And then, a clock began to chime. All eyes in the room swung toward the corner, to the ornate tall-case clock. Witches and familiars, we all listened to the well-known Westminster sequence booming from the magnificent timepiece. After the song was done, there was a pause, long enough for me to measure the sudden, heightened tension, long enough for me to clench my fingers into fists. The tolling of the hours began—deep, sonorous tones.
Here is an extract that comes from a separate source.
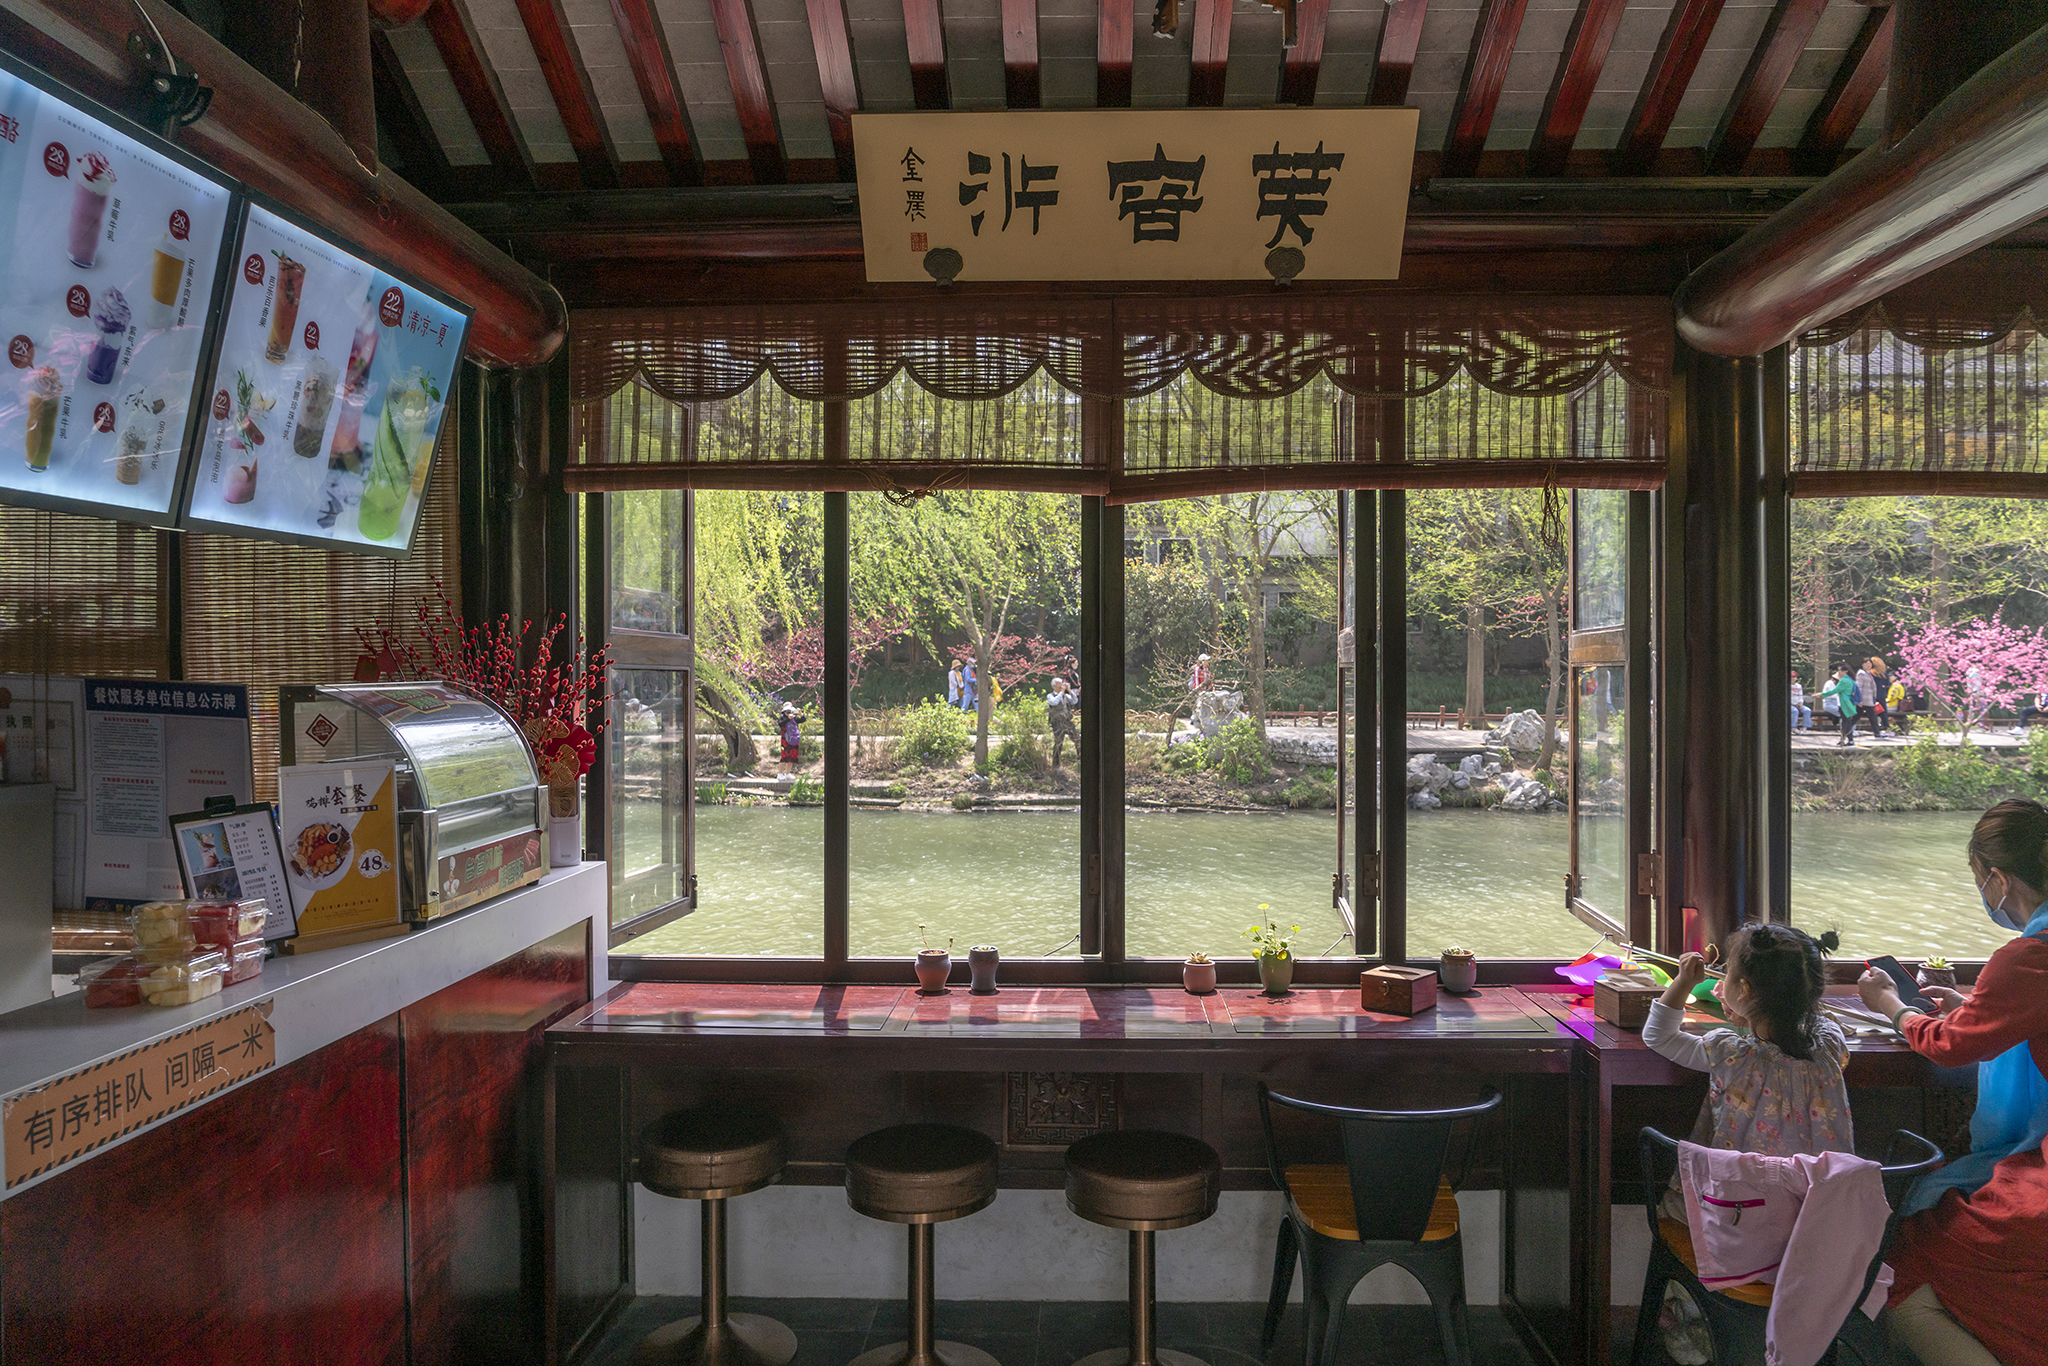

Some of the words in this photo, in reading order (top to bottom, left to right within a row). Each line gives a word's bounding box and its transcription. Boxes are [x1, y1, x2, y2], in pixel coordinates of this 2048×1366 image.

One…two…three…each note resonated through my body, winding me tighter, raising my expectations.

I realized that all of the women were responding to the clock in the same way, even Teresa Alison Sidney. Each of us clenched a little more as the clock counted off the hours, and when the twelfth note struck, every one of us was staring at the Coven Mother. Every one of us was waiting.

And Teresa Alison Sidney did not disappoint. “Welcome, sisters,” she proclaimed, and her voice was even more resonant than it had been before—deeper, coated with more power. She traced a pentagram in the air. Everywhere her finger passed, a silver streak persisted. “Our midnight Coven is met.”

The assembled witches repeated, “Our midnight Coven is met.”

Teresa Alison Sidney raised her voice and intoned, “Let any who would betray us discover the true power of the Coven.”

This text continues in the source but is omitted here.